• [SOURCE MATERIAL]
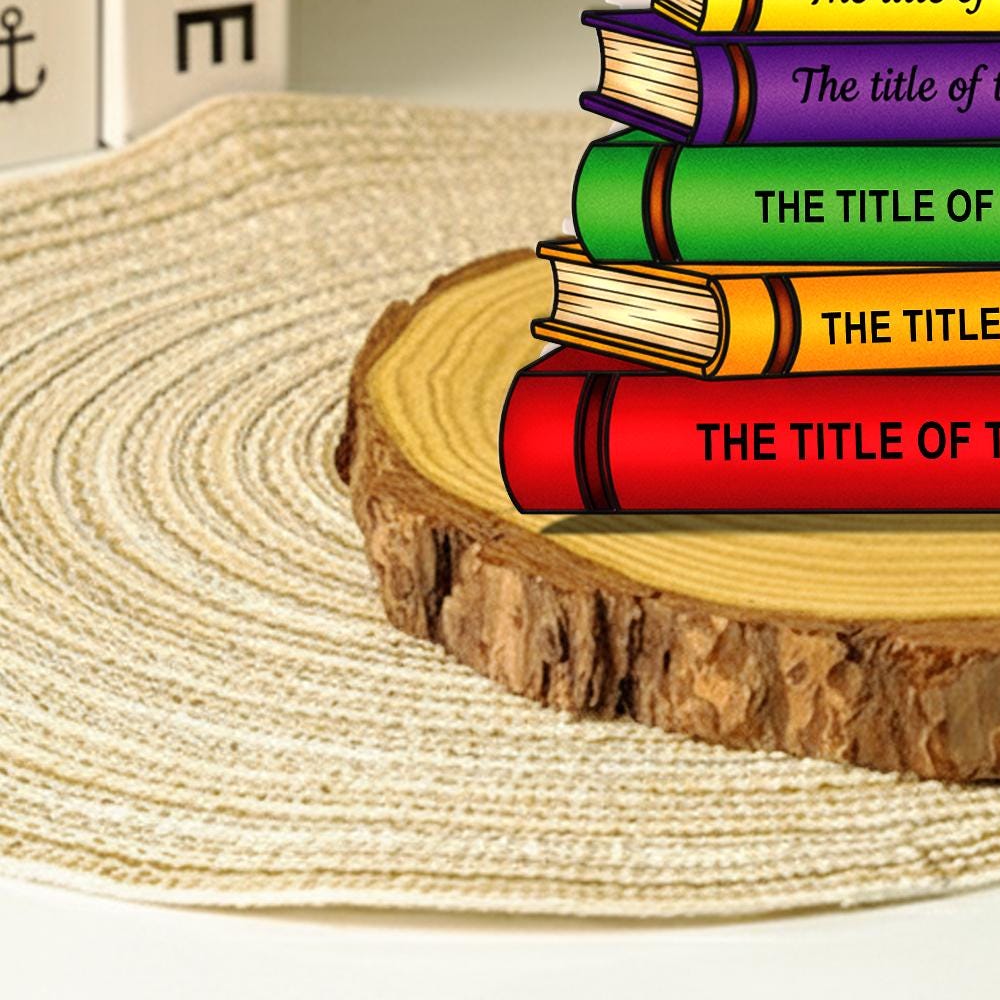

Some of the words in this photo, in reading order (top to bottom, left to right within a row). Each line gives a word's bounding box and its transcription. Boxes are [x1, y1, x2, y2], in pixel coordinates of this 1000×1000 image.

[792, 64, 860, 104] The
[871, 64, 938, 102] title
[948, 63, 988, 114] of
[754, 189, 825, 223] THE
[835, 189, 935, 223] TITLE
[946, 188, 994, 223] OF
[821, 310, 892, 345] THE
[696, 423, 777, 461] THE
[789, 421, 903, 460] TITLE
[917, 421, 971, 459] OF
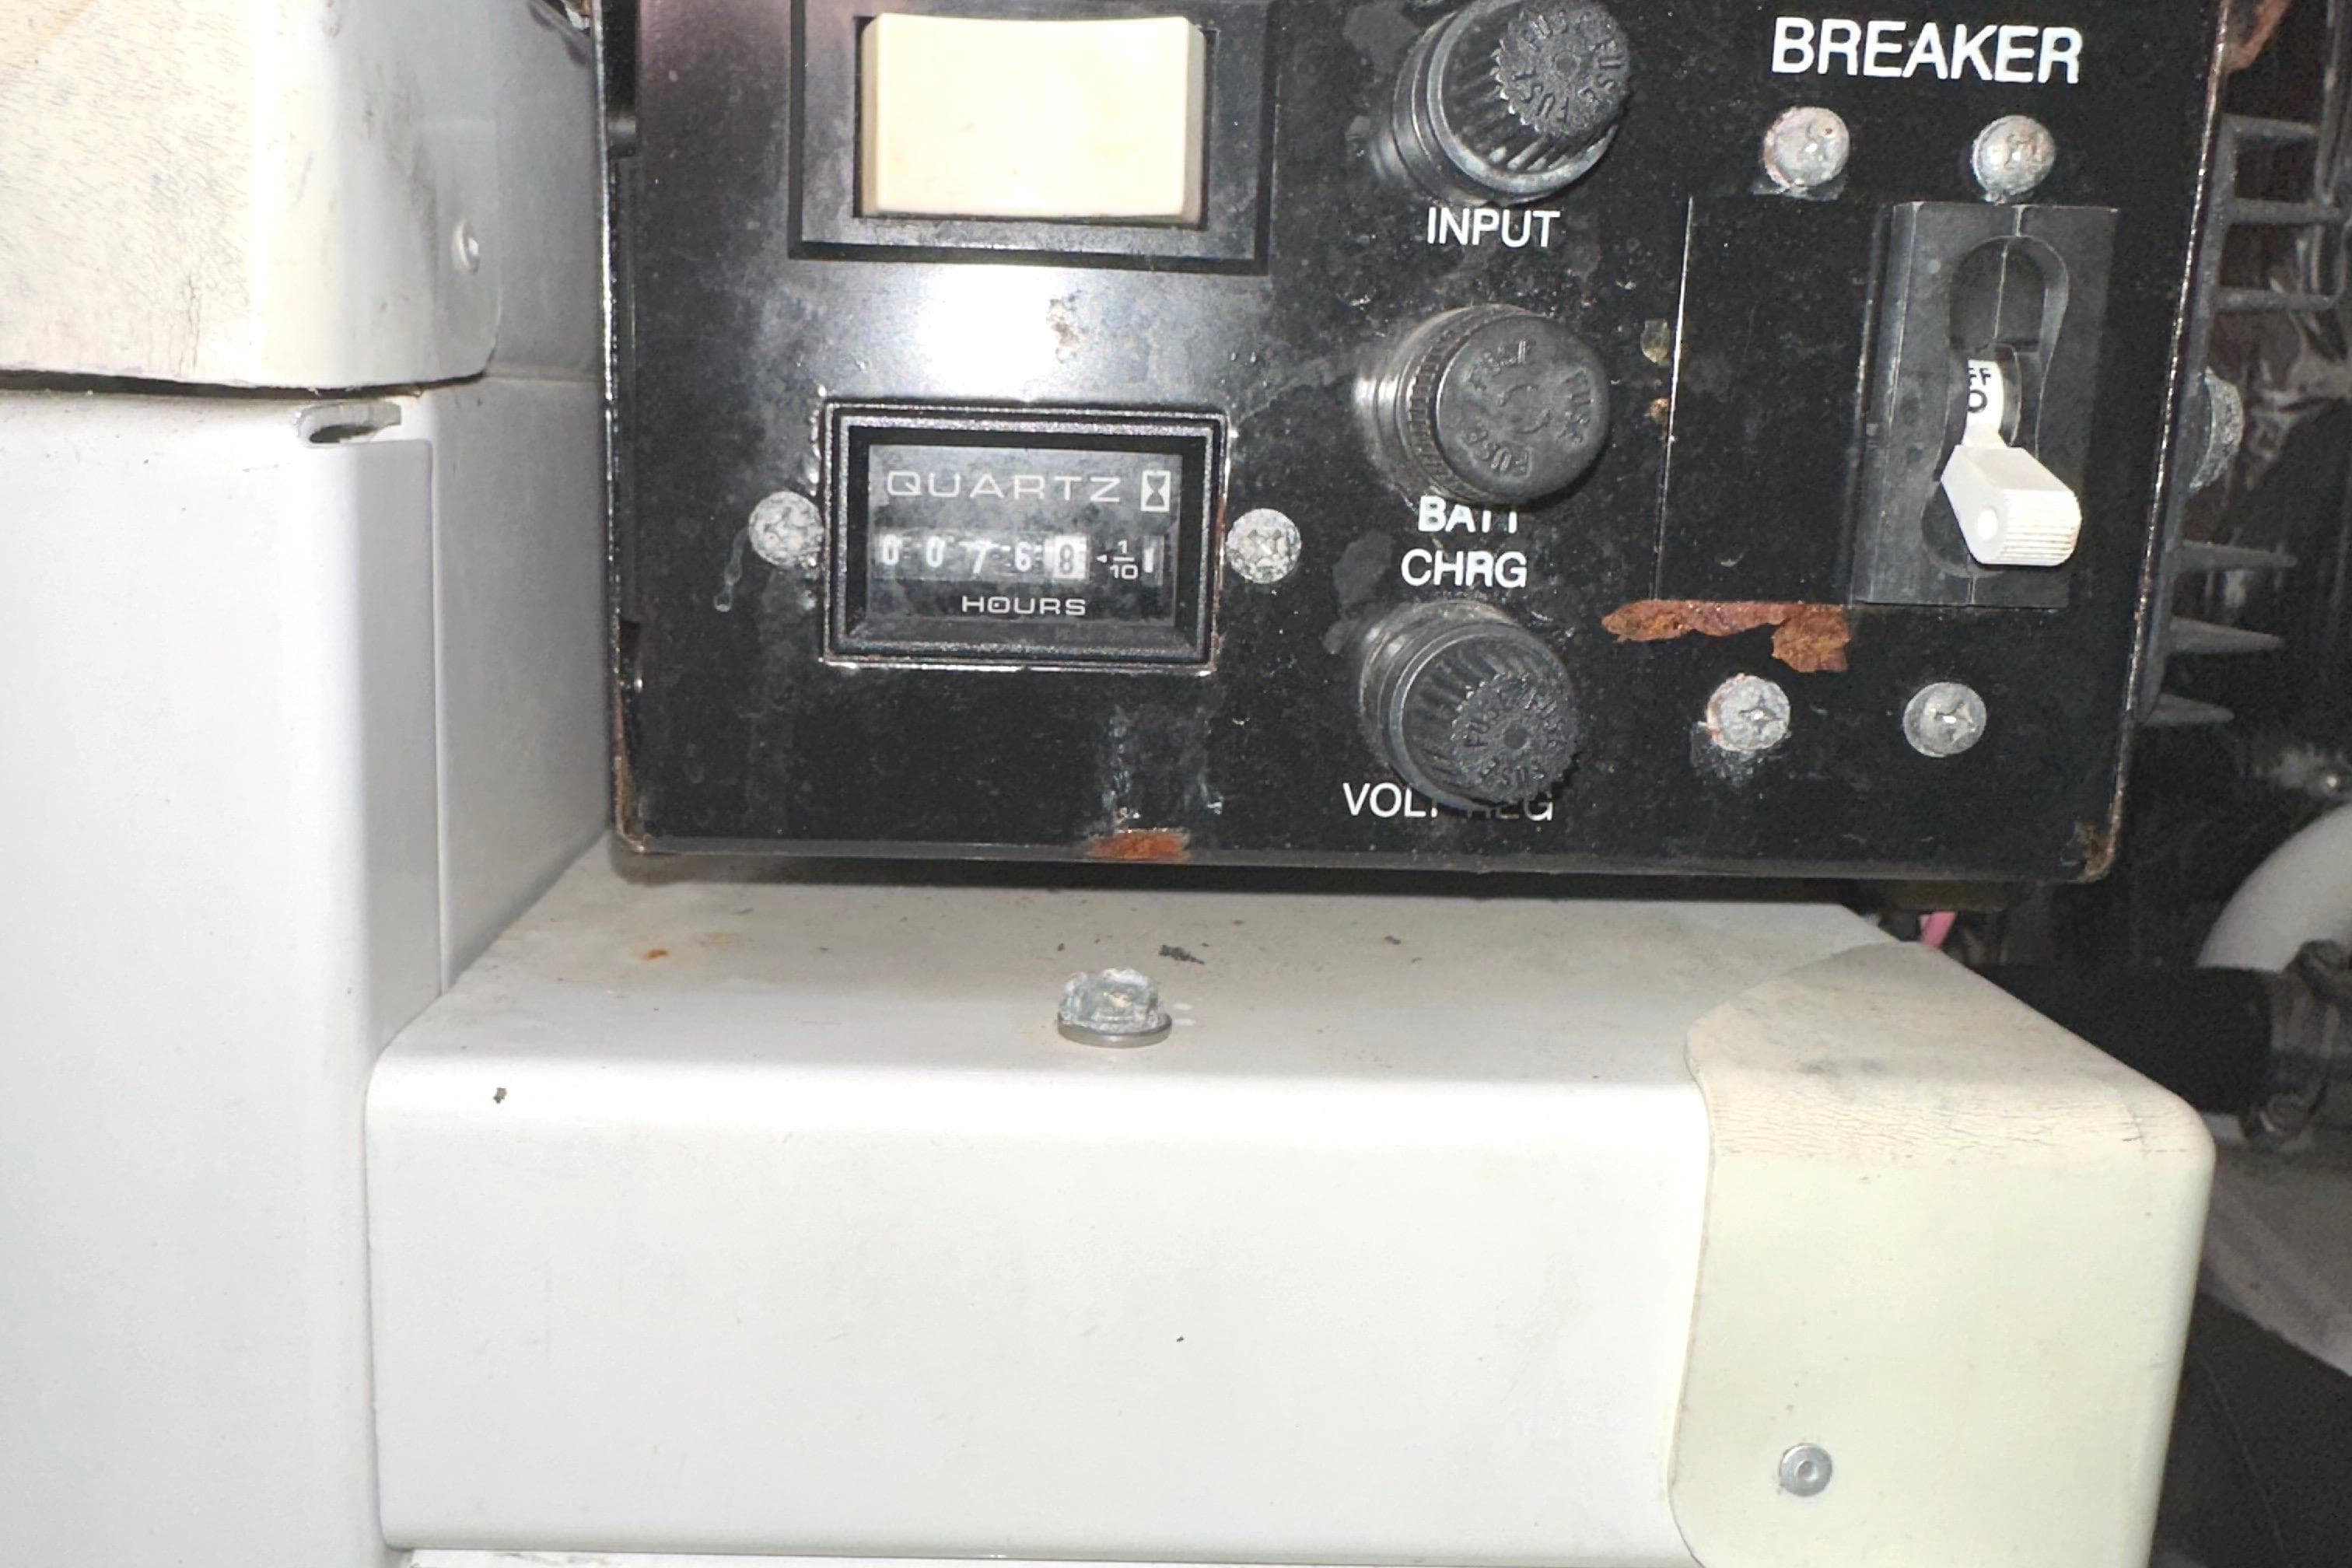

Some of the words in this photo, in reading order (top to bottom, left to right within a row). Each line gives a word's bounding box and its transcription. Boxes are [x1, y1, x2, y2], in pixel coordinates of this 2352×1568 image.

• [EXERCISE REQUIREMENTS] Once the pictures are set aside, output the whole listing exactly.

• [TASK RESULT]
Some of the words in this photo, in reading order (top to bottom, left to right within a row). Each line gives a word's bounding box and its transcription. Boxes are [x1, y1, x2, y2], in pixel coordinates of this 1000×1000 image.

[792, 64, 860, 104] The
[871, 64, 938, 102] title
[948, 63, 988, 114] of
[754, 189, 825, 223] THE
[835, 189, 935, 223] TITLE
[946, 188, 994, 223] OF
[821, 310, 892, 345] THE
[696, 423, 777, 461] THE
[789, 421, 903, 460] TITLE
[917, 421, 971, 459] OF

Some of the words in this photo, in reading order (top to bottom, left to right within a row). Each line gives a word's bounding box and its transcription. Boxes are [x1, y1, x2, y2], in pixel coordinates of this 2352×1568 image.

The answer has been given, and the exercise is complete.